PROBLEM DESCRIPTION |
Reproduce, exactly and in full, the records that follow, minus any pictures.

Saved entries
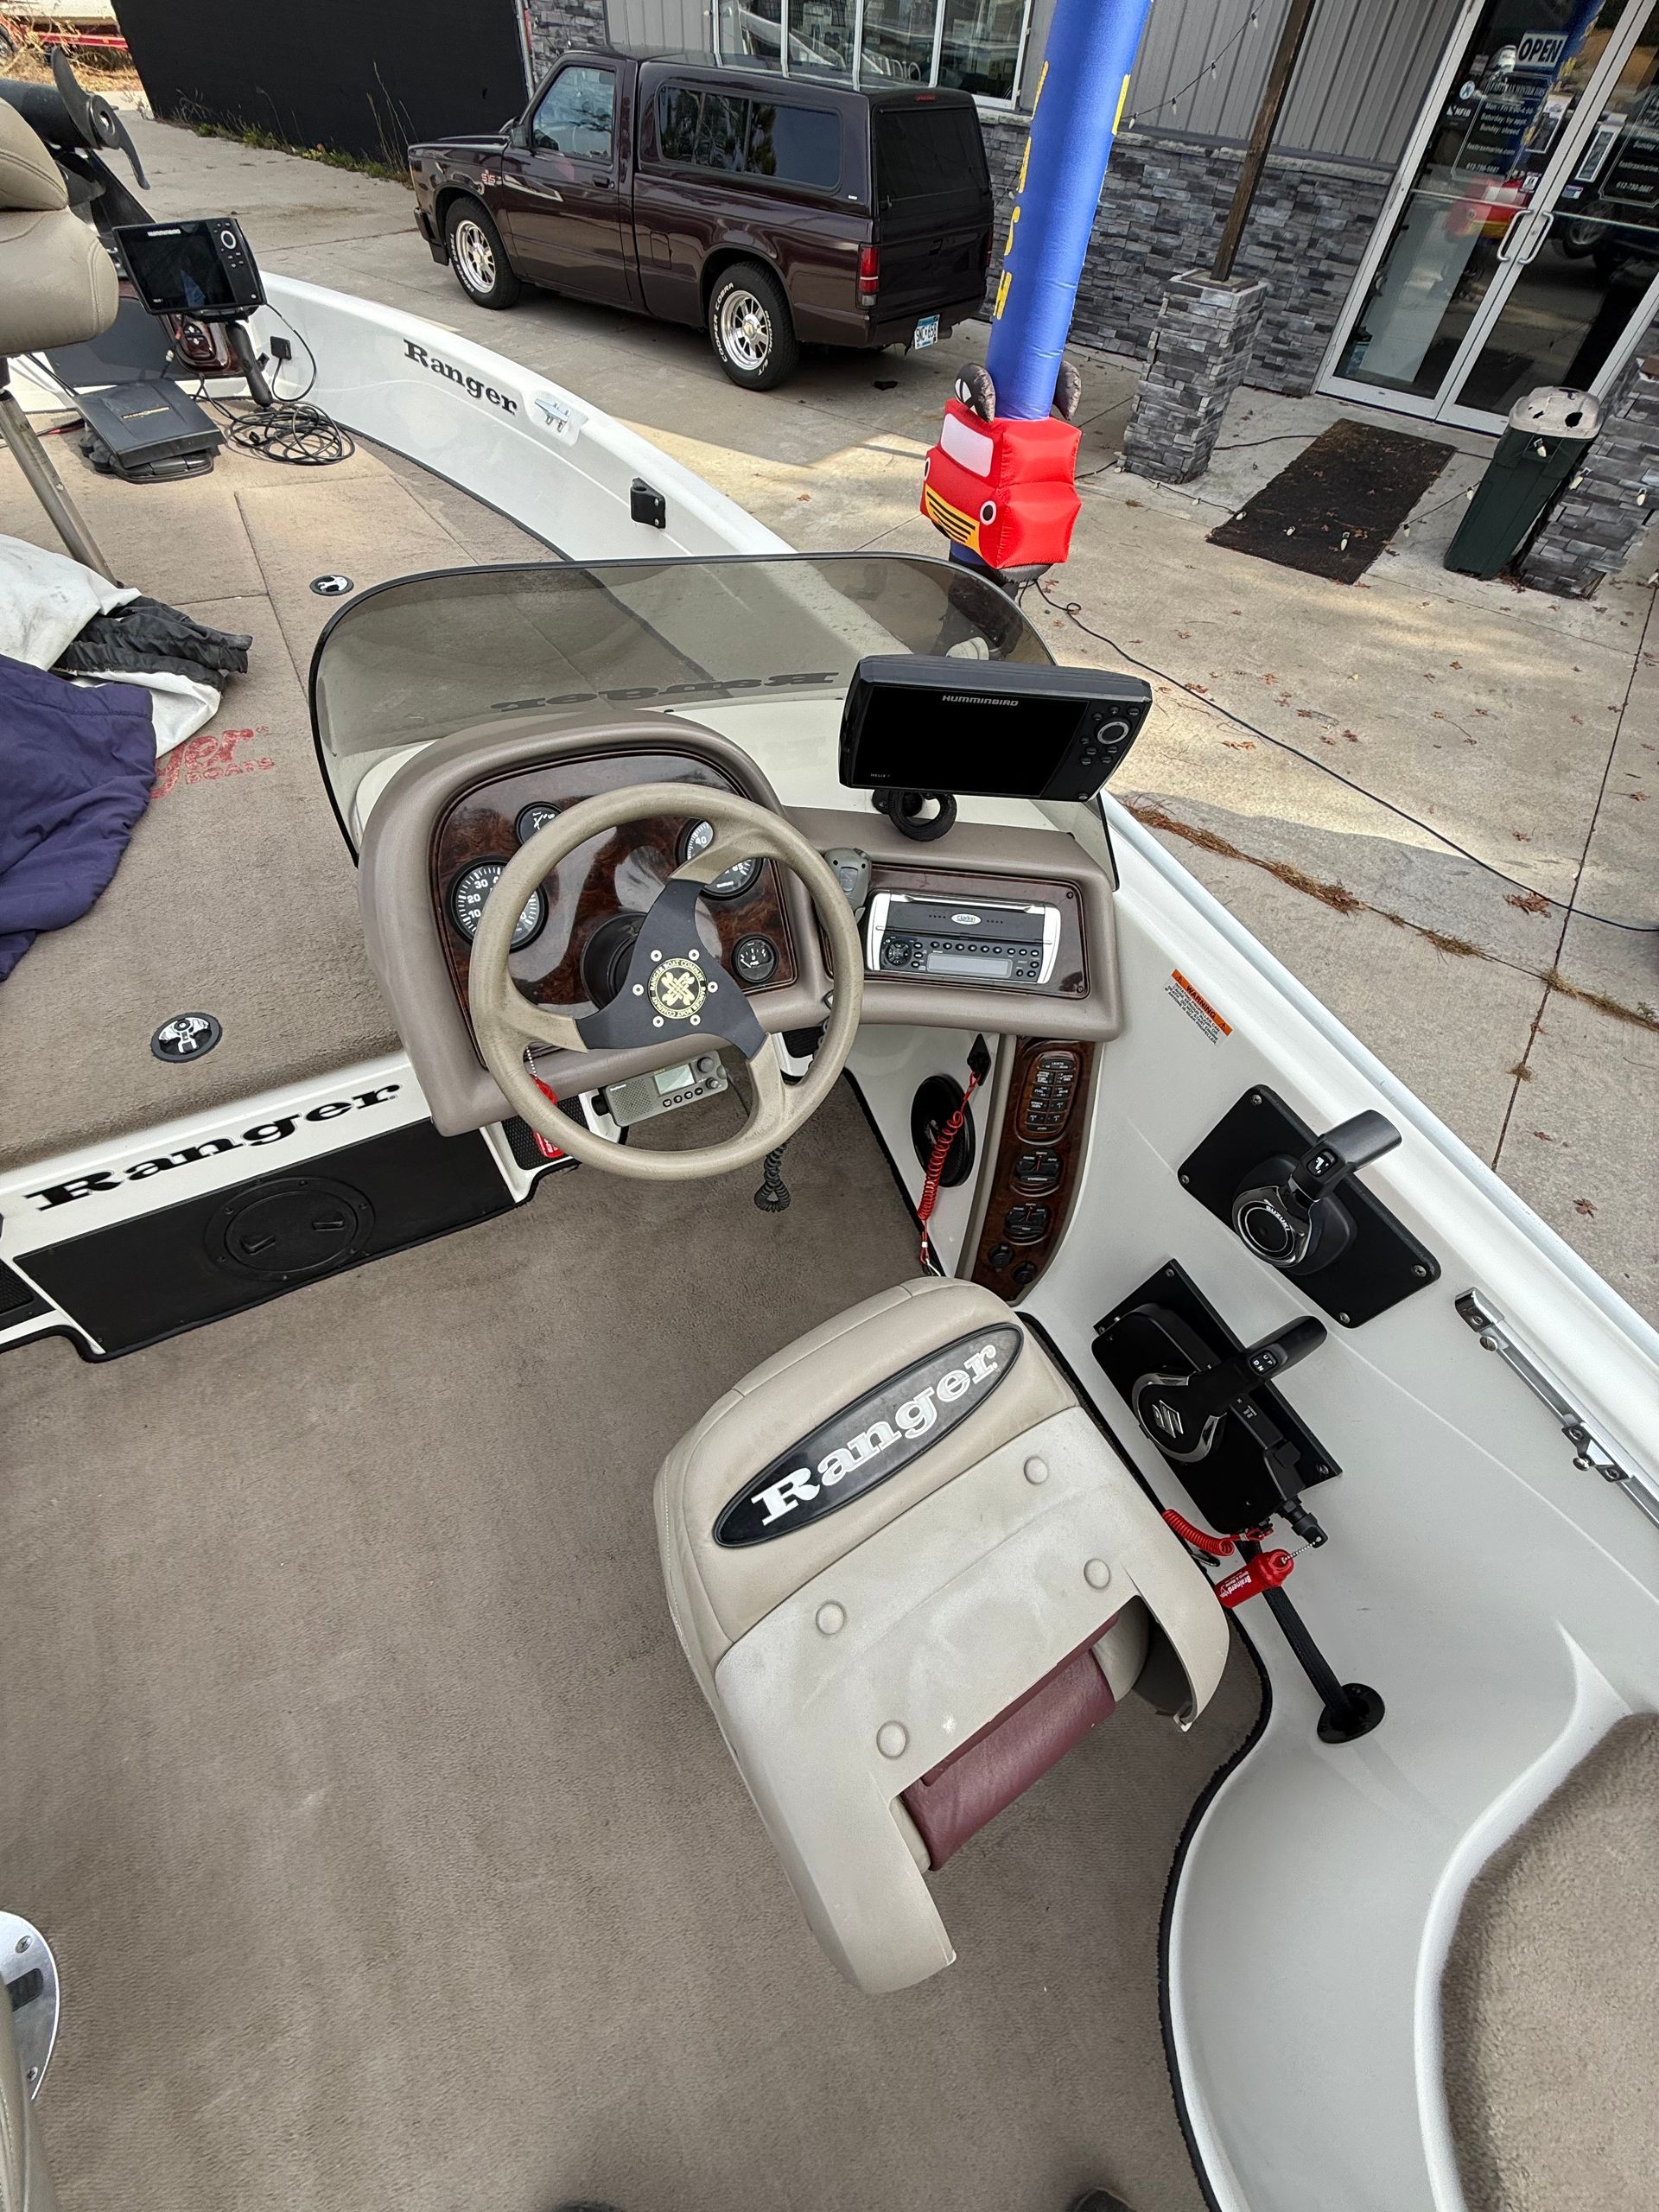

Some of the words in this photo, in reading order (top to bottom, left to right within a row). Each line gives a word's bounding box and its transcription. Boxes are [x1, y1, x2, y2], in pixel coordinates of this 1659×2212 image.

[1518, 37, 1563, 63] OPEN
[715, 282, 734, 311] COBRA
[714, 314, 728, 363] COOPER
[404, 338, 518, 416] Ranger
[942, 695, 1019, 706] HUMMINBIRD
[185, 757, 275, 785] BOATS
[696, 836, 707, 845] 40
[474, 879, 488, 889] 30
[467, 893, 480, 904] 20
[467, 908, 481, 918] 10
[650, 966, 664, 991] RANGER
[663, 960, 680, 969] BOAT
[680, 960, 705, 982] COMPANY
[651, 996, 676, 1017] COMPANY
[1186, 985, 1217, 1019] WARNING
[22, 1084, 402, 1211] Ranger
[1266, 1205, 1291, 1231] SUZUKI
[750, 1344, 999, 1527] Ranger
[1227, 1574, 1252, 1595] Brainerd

SOLUTION TO THIS TASK |
Some of the words in this photo, in reading order (top to bottom, left to right within a row). Each line gives a word's bounding box and its transcription. Boxes are [x1, y1, x2, y2], in pixel coordinates of this 1659×2212 image.

[1518, 37, 1563, 63] OPEN
[715, 282, 734, 311] COBRA
[714, 314, 728, 363] COOPER
[404, 338, 518, 416] Ranger
[942, 695, 1019, 706] HUMMINBIRD
[185, 757, 275, 785] BOATS
[696, 836, 707, 845] 40
[474, 879, 488, 889] 30
[467, 893, 480, 904] 20
[467, 908, 481, 918] 10
[650, 966, 664, 991] RANGER
[663, 960, 680, 969] BOAT
[680, 960, 705, 982] COMPANY
[651, 996, 676, 1017] COMPANY
[1186, 985, 1217, 1019] WARNING
[22, 1084, 402, 1211] Ranger
[1266, 1205, 1291, 1231] SUZUKI
[750, 1344, 999, 1527] Ranger
[1227, 1574, 1252, 1595] Brainerd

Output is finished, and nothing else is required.